By the time this post ended up in a user’s feed, it had already been re-shared so many times that it was unclear where it originated. Without the ability to hold any one person accountable for the spread misinformation on social platforms, falsehoods are more likely to take on a life of their own.
Algorithms can fuel the spread of misinformation
In addition to a lack of accountability, social media algorithms can fuel the spread of misinformation.
One reason is because, in these environments, it’s easy to confuse popularity with quality. Bogus articles are surfaced to the top of our feeds because they’ve been shared and liked by our friends—not because they comprise award-winning content. Because these platforms want users to stay on-site for as long as possible, they continuously serve up content recommendations to users that help them meet that goal.
That’s how clicking on just one article riddled with conspiracy theories can lead a user down a rabbithole of similar articles. This continued exposure can lead to something experts call complex contagion, or the concept that the more we are exposed to an idea, the more likely we are to adopt and reshare it.

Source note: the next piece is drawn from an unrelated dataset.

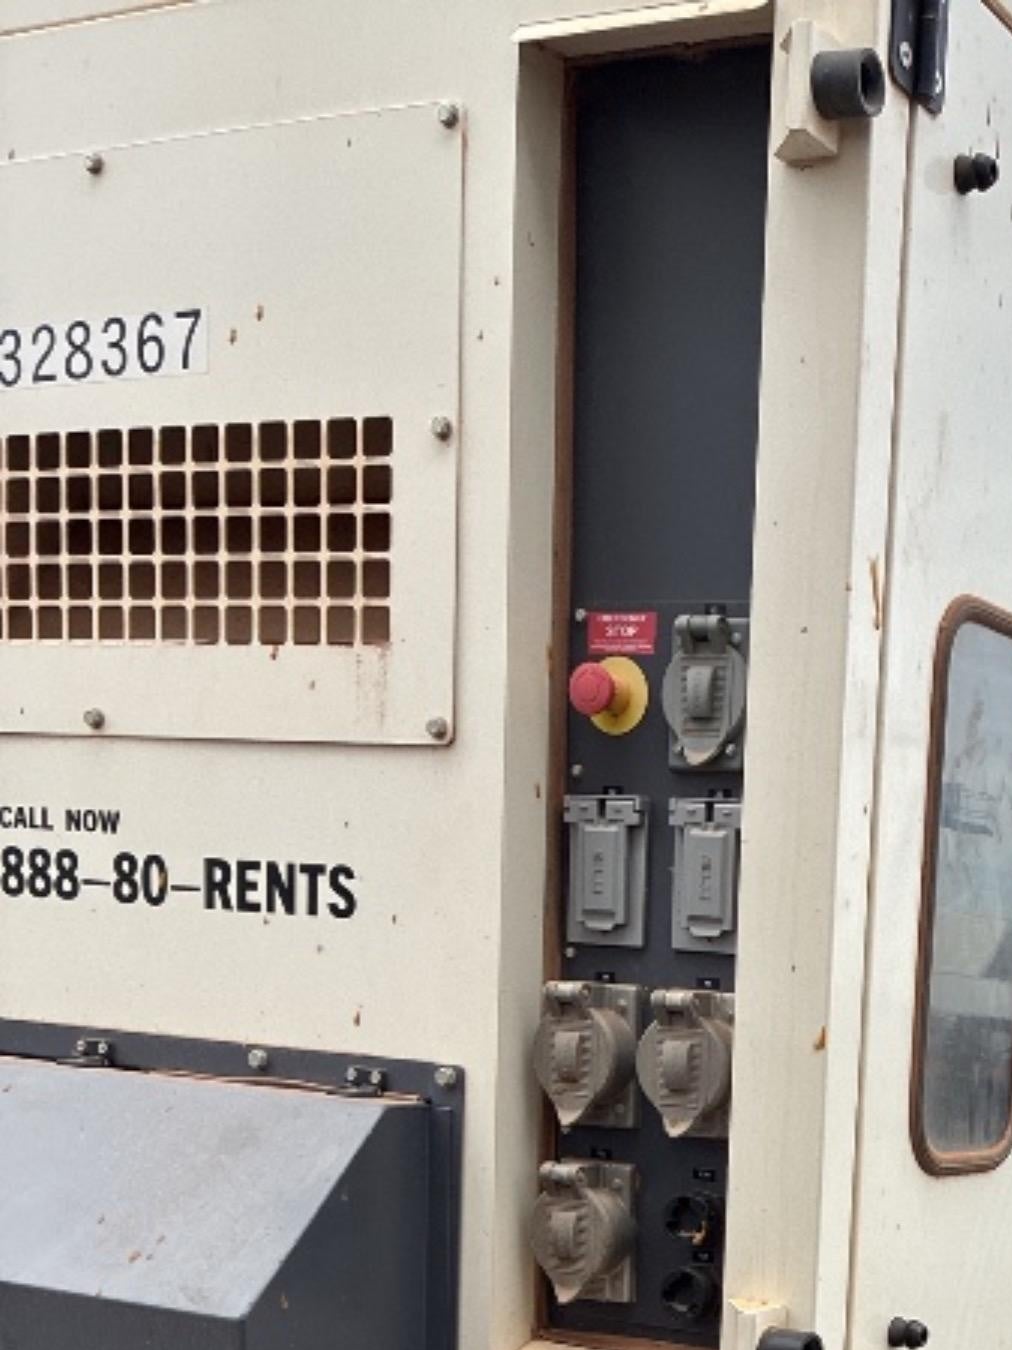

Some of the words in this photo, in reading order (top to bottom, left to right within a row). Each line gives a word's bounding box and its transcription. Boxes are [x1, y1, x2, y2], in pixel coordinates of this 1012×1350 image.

[0, 309, 202, 387] 328367
[0, 806, 54, 831] CALL
[65, 809, 120, 834] NOW

So not only do users on social media have little control over the content they’re exposed to, that content can also have a lasting psychological impact.
Finding a way forward with publisher-hosted communities
As a society, we need the ability to share ideas online—but there needs to be a baseline for accountability, safety and civility. We think that publisher-hosted communities illuminate a path forward.
Why publisher-hosted communities?
First and foremost is accountability. Unlike social media platforms, the content on a publisher’s website is held to a stricter set of standards, and the people who share that content (the journalists) are easily identifiable. Journalists and writers are labeled as such, so they can be held accountable for the content they create. A journalist’s entire career hinges upon the trust they build with their readers—they need to fully own the content they publish. And if something doesn’t add up? The publisher can—and should— be held accountable, too.
Another reason why the conversations within publisher-hosted communities are healthier is because they contain context. Because these discussions are focused on the content itself, it’s more likely that the people in the conversation have actually read the article on the page where they’re engaging. Because of more effective moderation, it’s less likely that comments will devolve into a trolling situation.
On a publisher’s website, the power is in the hands of the user. They can seek out, and choose to continue reading the content that interests them—as opposed to an algorithm deciding for them, and potentially exposing them to problematic content.
Finally, publishers can set their own standards for moderation—they decide what is permissible and what isn’t. In this environment, the overall quality of the conversations is higher. This encourages more people to join the conversation, continuing the cycle of safe and civil discourse.
We all deserve a healthy, clickbait-free zone where we can freely exchange ideas, without the constant threat of misinformation undermining our conversations. When publishers become the hosts of online commentary, they have the power to create a high-quality environment for online conversations—a more civil web.